ECLI:NL:RVS:2001:AB2320
Raad van State
- Cassatie
- J.P.H. Donner
- J.A.M. van Angeren
- E.M.H. Hirsch Ballin
- Rechtspraak.nl
Vergunning voor Gelredome: geluidshinder en verkeersoverlast bij evenementen
In deze zaak gaat het om de vergunningverlening voor het voetbalstadion en evenementencomplex Gelredome in Arnhem. De vergunning, verleend op 15 december 1998, betreft een uitbreiding van het aantal zitplaatsen en evenementen, waarbij het aantal ontheffingen van geluidnormen verhoogd wordt van twaalf naar vierentwintig per jaar. Appellanten, waaronder bewoners en de Dorpsvereniging Elden, hebben bezwaar gemaakt tegen de vergunning, met name vanwege de verwachte geluidshinder en verkeersoverlast. De Afdeling bestuursrechtspraak van de Raad van State heeft de zaak op 3 mei 2001 behandeld.
De appellanten stellen dat de geluidvoorschriften onvoldoende bescherming bieden tegen geluidshinder, vooral tijdens muziekevenementen. De vergunningvoorschriften bepalen dat het equivalente geluidniveau (Laeq) niet meer dan 60 dB(A) mag bedragen tussen 07.00 en 19.00 uur en 55 dB(A) tussen 19.00 en 23.00 uur. De Afdeling oordeelt dat de vergunningvoorschriften niet adequaat zijn gemotiveerd, vooral omdat niet duidelijk is of de inrichting kan voldoen aan de geluidvoorschriften tijdens muziekevenementen. Dit leidt tot de conclusie dat vergunningvoorschrift 4.3, dat de geluidvoorschriften voor muziekevenementen uitsluit, vernietigd moet worden.

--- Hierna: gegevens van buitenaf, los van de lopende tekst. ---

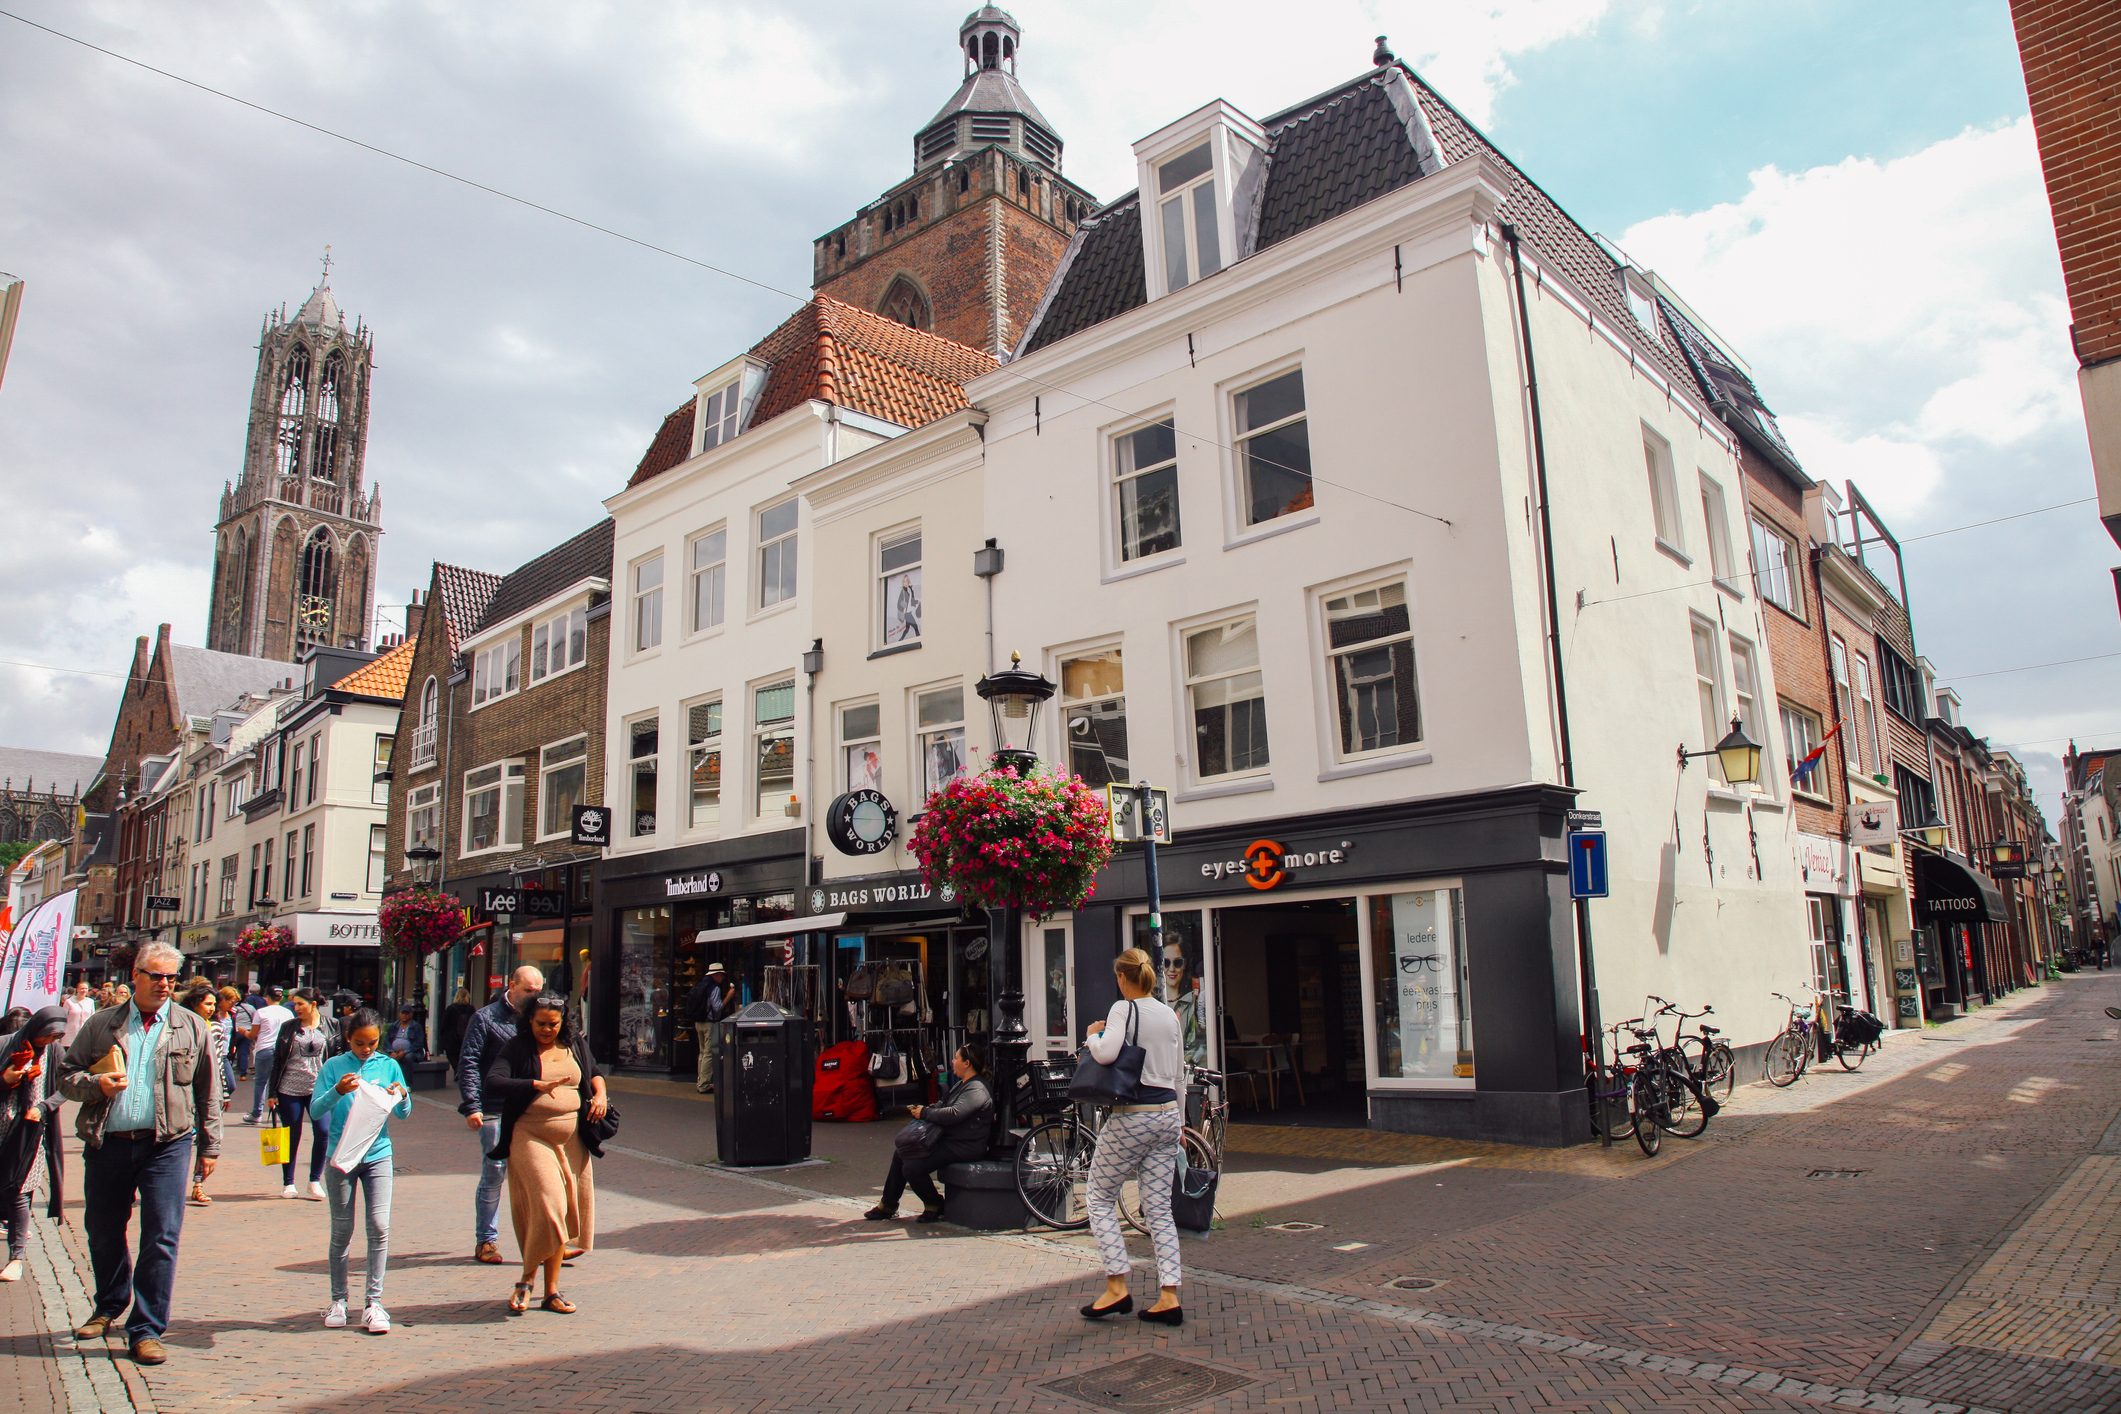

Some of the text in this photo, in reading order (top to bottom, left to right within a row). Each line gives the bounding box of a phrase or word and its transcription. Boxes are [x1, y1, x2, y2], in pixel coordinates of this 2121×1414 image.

Daarnaast hebben appellanten bezwaar gemaakt tegen de maatregelen in het mobiliteitsplan, dat volgens hen onvoldoende waarborgen biedt tegen verkeersoverlast. De Afdeling oordeelt dat de geluid- en verkeershinder niet aan de inrichting kan worden toegerekend, omdat het verkeer zich niet onderscheidt van het overige verkeer op de betrokken wegen. De beroepsgronden van de appellanten met betrekking tot parkeeroverlast worden eveneens ongegrond verklaard, omdat de gemeente voldoende maatregelen heeft getroffen om dit te beperken.
De Afdeling verklaart het beroep van appellanten sub 4 gegrond, vernietigt het besluit van de burgemeester en wethouders van Arnhem voor zover het voorschrift 4.3 betreft, en verklaart de beroepen voor het overige ongegrond. De gemeente Arnhem wordt veroordeeld in de proceskosten van appellanten sub 4 en moet het griffierecht vergoeden.